The letter was not meant only for the eyes of the recipient, of course. The Prime Minister’s Office quickly leaked it to the Jerusalem Post, a newspaper whose website is read by many US Jews. The objective was to silence criticism of Netanyahu in the American media, and mostly criticism leveled by Jews.
The means to do so was to delegitimize media outlets that publish such criticism. Those who dare write against Netanyahu are anti-Semites. A Jew who dares write against Netanyahu is a Jewish anti-Semite. Every loyal Jew must shut up.
Are Friedman, Klein anti-Semites?
The New York Times is without a doubt the world’s most prominent newspaper. Any head of state given the opportunity to share his thoughts with the paper’s readers would jump at it: There is no global platform that is more important or influential. Yet Netanyahu prefers boycotts.
Leaking the letter was merely the first step in the campaign. The second step was an article published shortly thereafter by the Weekly Standard, a rightist weekly. It was written by Eliot Abrams, who held senior posts in the National Security Agency during George W. Bush’s term in office.
Abrams is Jewish. His neoconservative views place him in the Republican Party’s rightist wing. Above all, he is a great friend of Israel. I met him several times, during his tenure and later on. He is a very intelligent, well reasoned man. An impressive man. The article I quote here is not one of his proudest moments.
Abrams leveled the gravest accusation against two prominent columnists, Thomas Friedman from the New York Times and Joe Klein from Time Magazine. He accused both of being Jewish anti-Semites. Friedman is guilty because in one of his columns he wrote that the applause that received Netanyahu at Congress did not attest to agreement with his policy. The applause were bought and paid for by the Israel lobby, Friedman wrote.[ see: Israel lobby losing its grip over US opinion]
Meanwhile, Joe Klein is guilty because he wrote that America’s neoconservatives wish to send young Americans to war for the sake of Israel’s national security.
Friedman could have chosen a different wording, but his claim has a grain of truth to it: The pro-Israel lobby, just like other lobbies, buys the support of Congress members. I was there, during Netanyahu’s Congress speech. I reported the enthused welcome he received. Yet I also saw the major Jewish donors closely watching the elected officials who received their support to make sure they are sufficiently enthusiastic.
Yet let’s assume Friedman is wrong. Why does criticism leveled at one Jewish organization immediately turn into anti-Semitism? Why is criticism leveled at the neoconservatives, who entangled America in the wrong war in Iraq, a war that only benefited Iran, labeled as anti-Semitism? It’s true that many of these writers are Jewish. So what?

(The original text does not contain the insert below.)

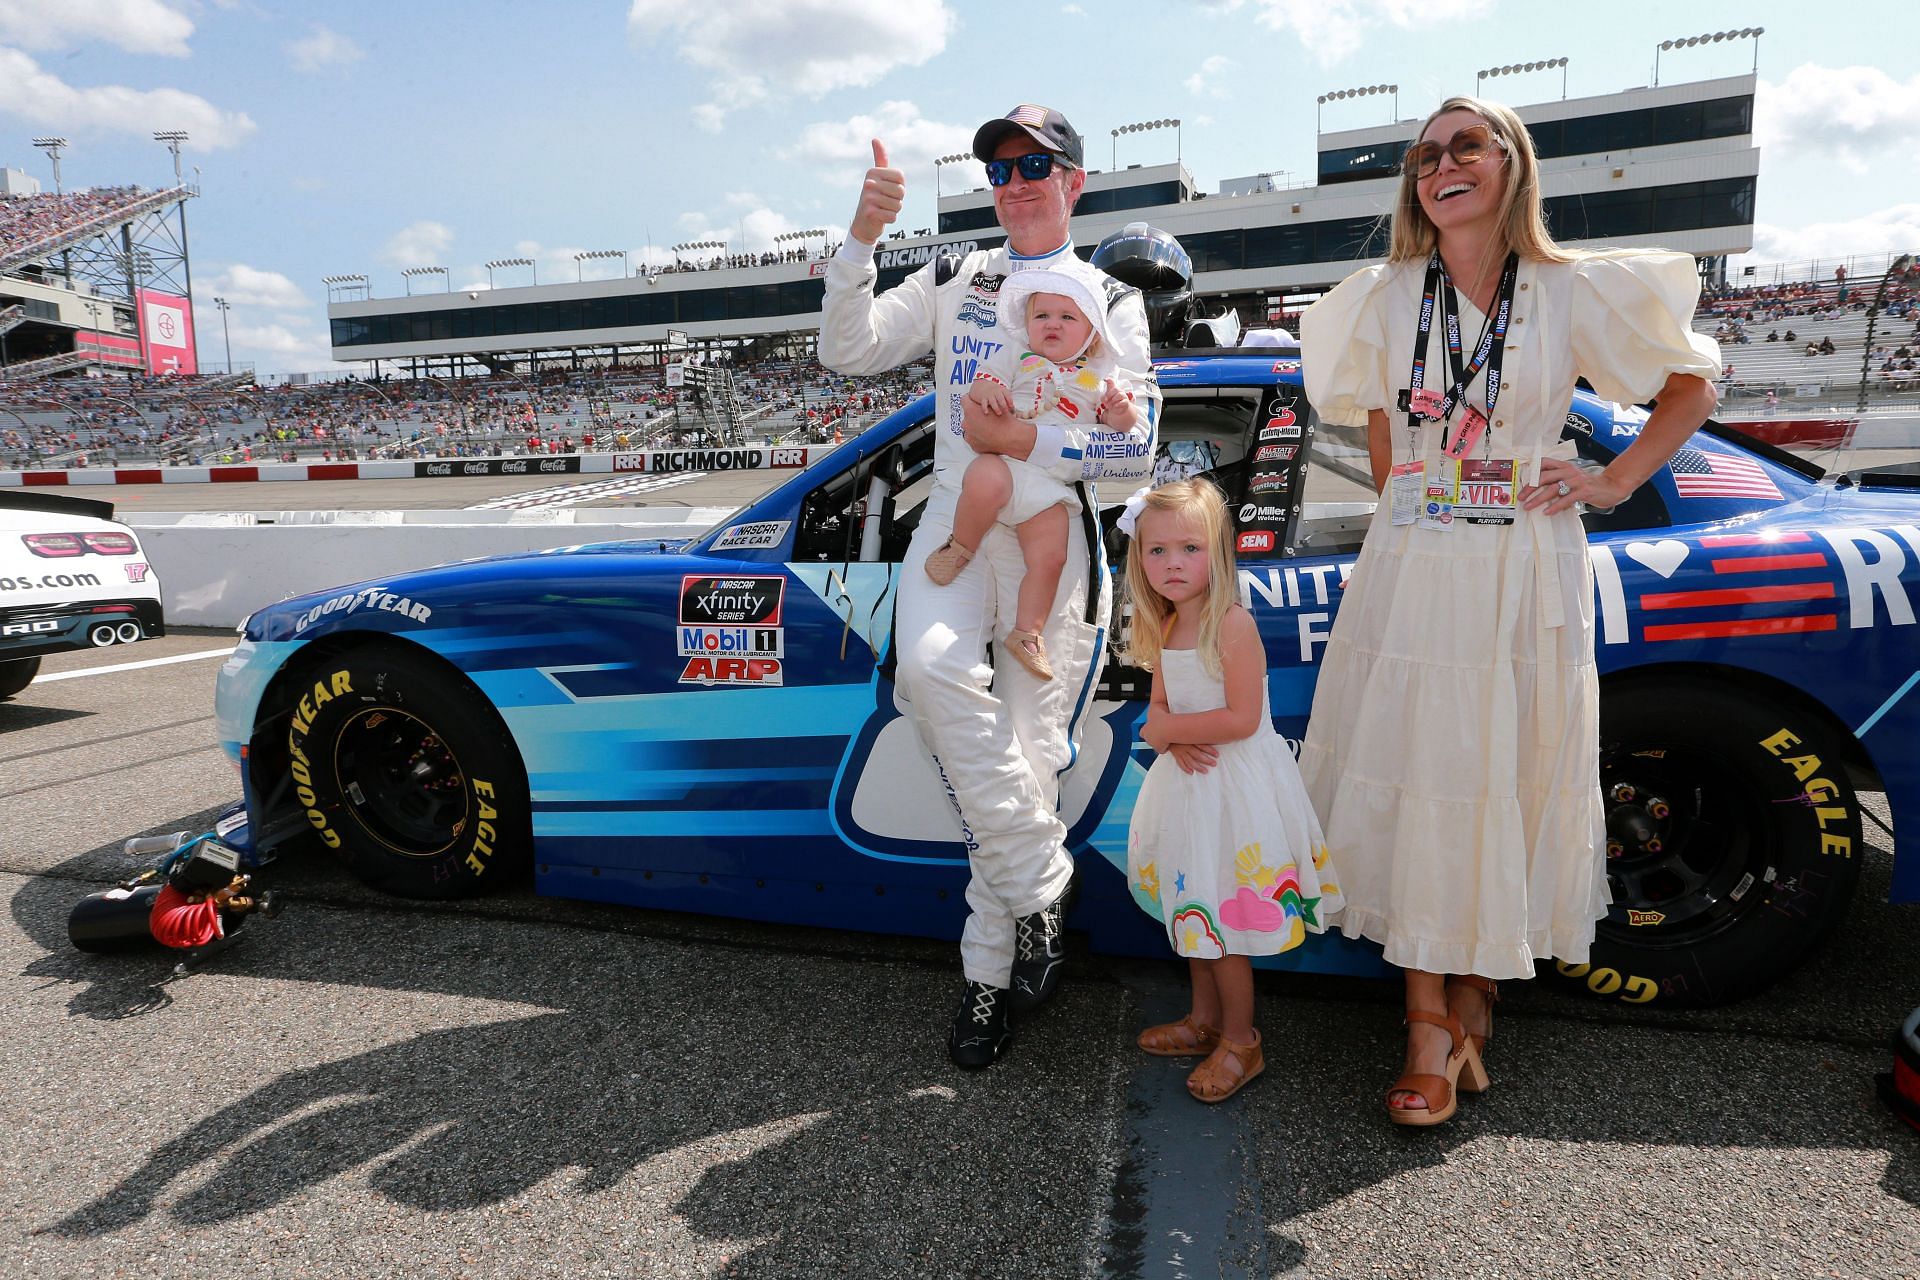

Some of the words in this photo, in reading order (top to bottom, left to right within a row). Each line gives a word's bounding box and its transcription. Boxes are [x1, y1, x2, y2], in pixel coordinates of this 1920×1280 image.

Many of Wall Street’s moguls are Jewish as well. The greatest of conmen, Bernie Madoff, was also Jewish. Is any criticism leveled at him, including criticism voiced by his Jewish victims, tainted by anti-Semitism?
One of the great bonuses in the State of Israel’s existence is that here Jews are finally allowed to criticize other Jews without being condemned as anti-Semites. Here we have no guilty feelings that can be manipulated. Freedom reigns supreme.
Yet our American colleagues have this freedom too. There was no particular commotion this week in the New York Times’ corridors in the face of the Israeli prime minister’s boycott. Don Quixote can rest: Without or without him, the windmills will continue to grind.